Produce the full set of records below once more, exactly as they stand.

> **DATA FOR REVIEW**:
***

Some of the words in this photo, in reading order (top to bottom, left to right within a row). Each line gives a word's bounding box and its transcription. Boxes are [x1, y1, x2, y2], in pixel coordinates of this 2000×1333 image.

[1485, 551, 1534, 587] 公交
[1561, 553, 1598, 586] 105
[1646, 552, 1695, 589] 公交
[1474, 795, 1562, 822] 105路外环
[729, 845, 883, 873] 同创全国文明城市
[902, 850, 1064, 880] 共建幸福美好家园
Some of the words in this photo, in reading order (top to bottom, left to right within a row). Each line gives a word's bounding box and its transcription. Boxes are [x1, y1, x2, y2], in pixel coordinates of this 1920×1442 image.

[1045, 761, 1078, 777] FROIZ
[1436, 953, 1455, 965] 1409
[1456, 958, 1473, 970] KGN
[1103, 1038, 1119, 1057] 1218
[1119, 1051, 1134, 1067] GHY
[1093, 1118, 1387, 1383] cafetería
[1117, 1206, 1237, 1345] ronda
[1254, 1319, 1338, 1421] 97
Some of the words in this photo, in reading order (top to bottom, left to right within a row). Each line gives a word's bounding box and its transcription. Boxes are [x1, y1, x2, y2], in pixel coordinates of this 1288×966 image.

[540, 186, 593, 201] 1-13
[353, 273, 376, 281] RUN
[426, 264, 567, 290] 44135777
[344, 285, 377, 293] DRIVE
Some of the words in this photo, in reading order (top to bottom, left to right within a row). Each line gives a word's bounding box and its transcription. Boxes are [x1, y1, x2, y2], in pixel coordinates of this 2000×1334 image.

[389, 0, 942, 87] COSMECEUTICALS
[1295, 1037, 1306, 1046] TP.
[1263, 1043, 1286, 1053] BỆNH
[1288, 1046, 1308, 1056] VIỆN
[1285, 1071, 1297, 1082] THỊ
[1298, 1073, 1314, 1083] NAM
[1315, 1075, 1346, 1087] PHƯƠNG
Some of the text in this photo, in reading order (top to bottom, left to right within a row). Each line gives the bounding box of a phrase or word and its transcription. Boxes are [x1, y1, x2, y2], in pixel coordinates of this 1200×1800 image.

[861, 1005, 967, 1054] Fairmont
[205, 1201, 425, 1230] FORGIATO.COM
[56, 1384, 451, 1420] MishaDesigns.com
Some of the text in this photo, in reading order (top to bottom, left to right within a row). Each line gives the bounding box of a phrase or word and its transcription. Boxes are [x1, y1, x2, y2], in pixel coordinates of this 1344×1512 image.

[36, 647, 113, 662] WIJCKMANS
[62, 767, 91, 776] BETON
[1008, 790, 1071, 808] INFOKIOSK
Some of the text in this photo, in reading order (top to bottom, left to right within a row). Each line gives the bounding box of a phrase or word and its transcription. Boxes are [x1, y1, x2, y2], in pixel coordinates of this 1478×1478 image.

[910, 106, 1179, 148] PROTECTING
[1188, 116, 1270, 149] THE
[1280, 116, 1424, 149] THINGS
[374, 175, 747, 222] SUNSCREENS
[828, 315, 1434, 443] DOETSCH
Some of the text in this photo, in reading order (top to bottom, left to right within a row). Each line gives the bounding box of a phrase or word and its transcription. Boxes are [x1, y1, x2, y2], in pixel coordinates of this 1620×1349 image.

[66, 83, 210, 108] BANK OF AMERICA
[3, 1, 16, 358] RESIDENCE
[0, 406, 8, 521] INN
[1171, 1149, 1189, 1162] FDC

***

> **RESPONSE TO THE TASK**:
Some of the words in this photo, in reading order (top to bottom, left to right within a row). Each line gives a word's bounding box and its transcription. Boxes are [x1, y1, x2, y2], in pixel coordinates of this 2000×1333 image.

[1485, 551, 1534, 587] 公交
[1561, 553, 1598, 586] 105
[1646, 552, 1695, 589] 公交
[1474, 795, 1562, 822] 105路外环
[729, 845, 883, 873] 同创全国文明城市
[902, 850, 1064, 880] 共建幸福美好家园
Some of the words in this photo, in reading order (top to bottom, left to right within a row). Each line gives a word's bounding box and its transcription. Boxes are [x1, y1, x2, y2], in pixel coordinates of this 1920×1442 image.

[1045, 761, 1078, 777] FROIZ
[1436, 953, 1455, 965] 1409
[1456, 958, 1473, 970] KGN
[1103, 1038, 1119, 1057] 1218
[1119, 1051, 1134, 1067] GHY
[1093, 1118, 1387, 1383] cafetería
[1117, 1206, 1237, 1345] ronda
[1254, 1319, 1338, 1421] 97
Some of the words in this photo, in reading order (top to bottom, left to right within a row). Each line gives a word's bounding box and its transcription. Boxes are [x1, y1, x2, y2], in pixel coordinates of this 1288×966 image.

[540, 186, 593, 201] 1-13
[353, 273, 376, 281] RUN
[426, 264, 567, 290] 44135777
[344, 285, 377, 293] DRIVE
Some of the words in this photo, in reading order (top to bottom, left to right within a row). Each line gives a word's bounding box and its transcription. Boxes are [x1, y1, x2, y2], in pixel coordinates of this 2000×1334 image.

[389, 0, 942, 87] COSMECEUTICALS
[1295, 1037, 1306, 1046] TP.
[1263, 1043, 1286, 1053] BỆNH
[1288, 1046, 1308, 1056] VIỆN
[1285, 1071, 1297, 1082] THỊ
[1298, 1073, 1314, 1083] NAM
[1315, 1075, 1346, 1087] PHƯƠNG
Some of the text in this photo, in reading order (top to bottom, left to right within a row). Each line gives the bounding box of a phrase or word and its transcription. Boxes are [x1, y1, x2, y2], in pixel coordinates of this 1200×1800 image.

[861, 1005, 967, 1054] Fairmont
[205, 1201, 425, 1230] FORGIATO.COM
[56, 1384, 451, 1420] MishaDesigns.com
Some of the text in this photo, in reading order (top to bottom, left to right within a row). Each line gives the bounding box of a phrase or word and its transcription. Boxes are [x1, y1, x2, y2], in pixel coordinates of this 1344×1512 image.

[36, 647, 113, 662] WIJCKMANS
[62, 767, 91, 776] BETON
[1008, 790, 1071, 808] INFOKIOSK
Some of the text in this photo, in reading order (top to bottom, left to right within a row). Each line gives the bounding box of a phrase or word and its transcription. Boxes are [x1, y1, x2, y2], in pixel coordinates of this 1478×1478 image.

[910, 106, 1179, 148] PROTECTING
[1188, 116, 1270, 149] THE
[1280, 116, 1424, 149] THINGS
[374, 175, 747, 222] SUNSCREENS
[828, 315, 1434, 443] DOETSCH
Some of the text in this photo, in reading order (top to bottom, left to right within a row). Each line gives the bounding box of a phrase or word and its transcription. Boxes are [x1, y1, x2, y2], in pixel coordinates of this 1620×1349 image.

[66, 83, 210, 108] BANK OF AMERICA
[3, 1, 16, 358] RESIDENCE
[0, 406, 8, 521] INN
[1171, 1149, 1189, 1162] FDC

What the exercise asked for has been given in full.